* [Instructions for the task]:
Line by line, print the records exactly, and keep images out of the copy.
[Exercise inputs — start]
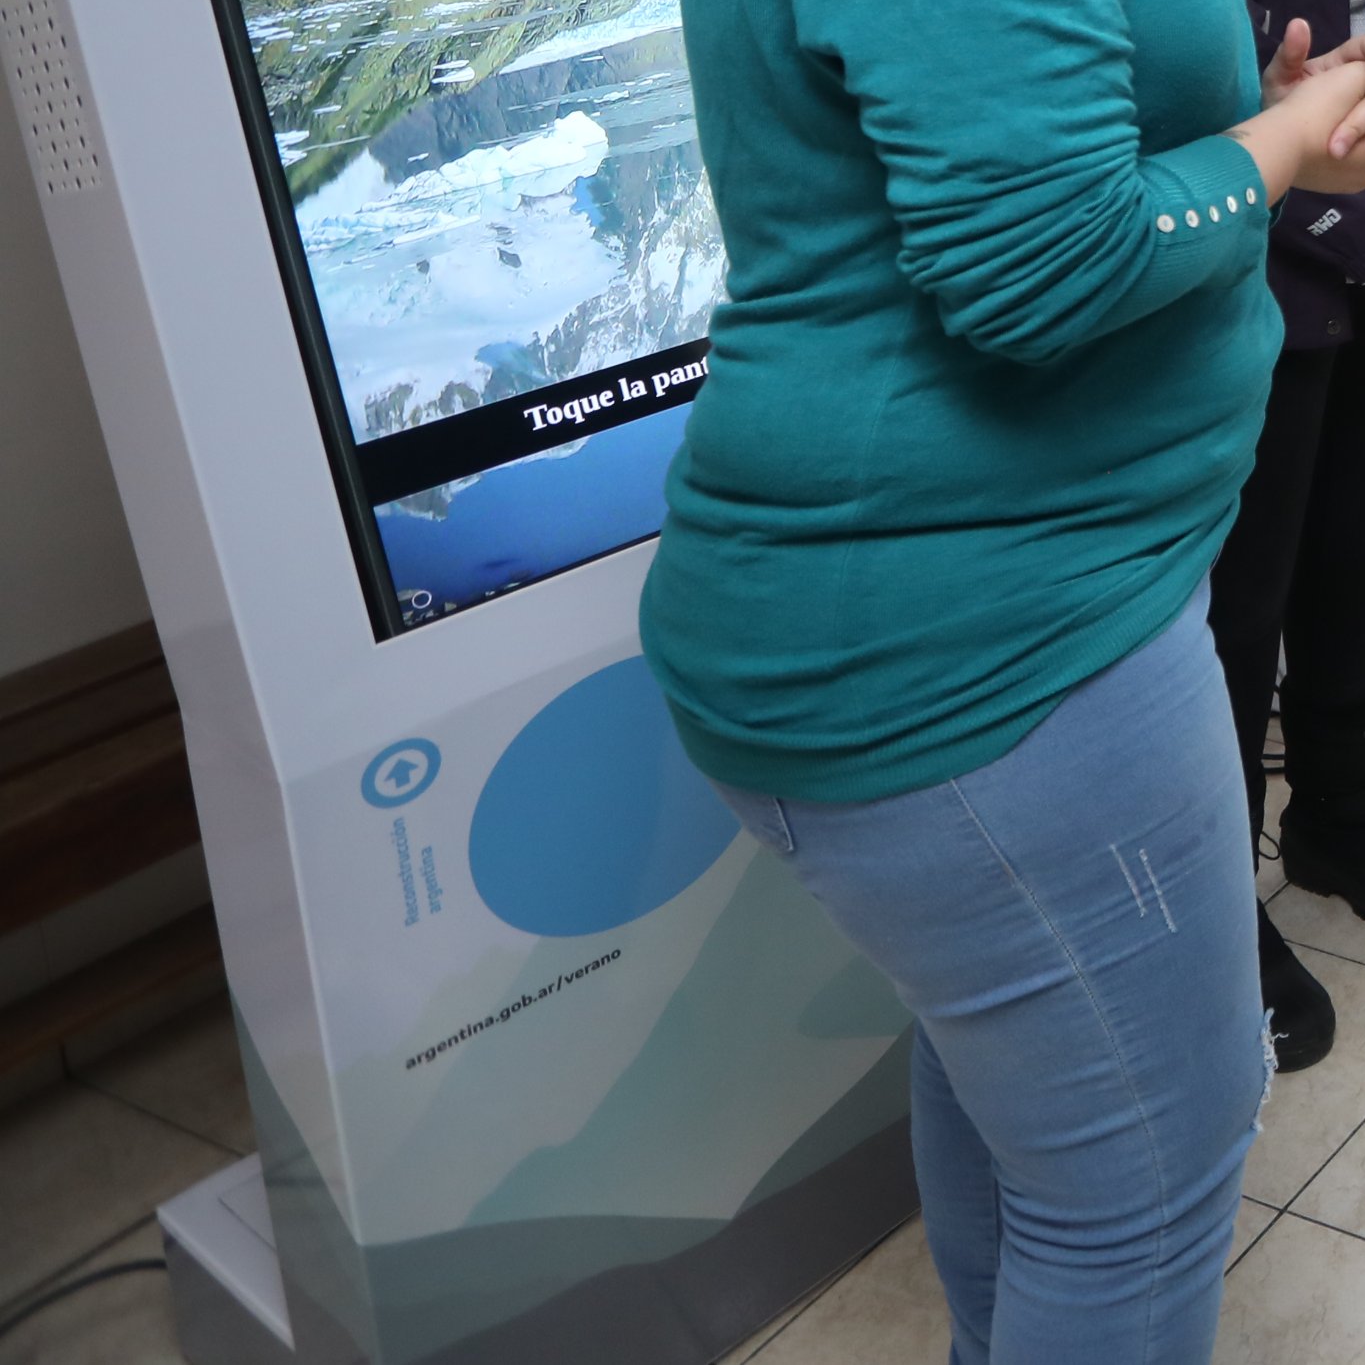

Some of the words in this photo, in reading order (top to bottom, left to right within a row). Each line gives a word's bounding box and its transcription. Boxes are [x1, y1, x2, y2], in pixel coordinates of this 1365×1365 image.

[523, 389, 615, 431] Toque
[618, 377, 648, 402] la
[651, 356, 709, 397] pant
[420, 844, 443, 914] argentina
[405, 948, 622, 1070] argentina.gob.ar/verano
[Exercise inputs — finish]
* [Result for this task]:
Some of the words in this photo, in reading order (top to bottom, left to right within a row). Each line gives a word's bounding box and its transcription. Boxes are [x1, y1, x2, y2], in pixel coordinates of this 1365×1365 image.

[523, 389, 615, 431] Toque
[618, 377, 648, 402] la
[651, 356, 709, 397] pant
[420, 844, 443, 914] argentina
[405, 948, 622, 1070] argentina.gob.ar/verano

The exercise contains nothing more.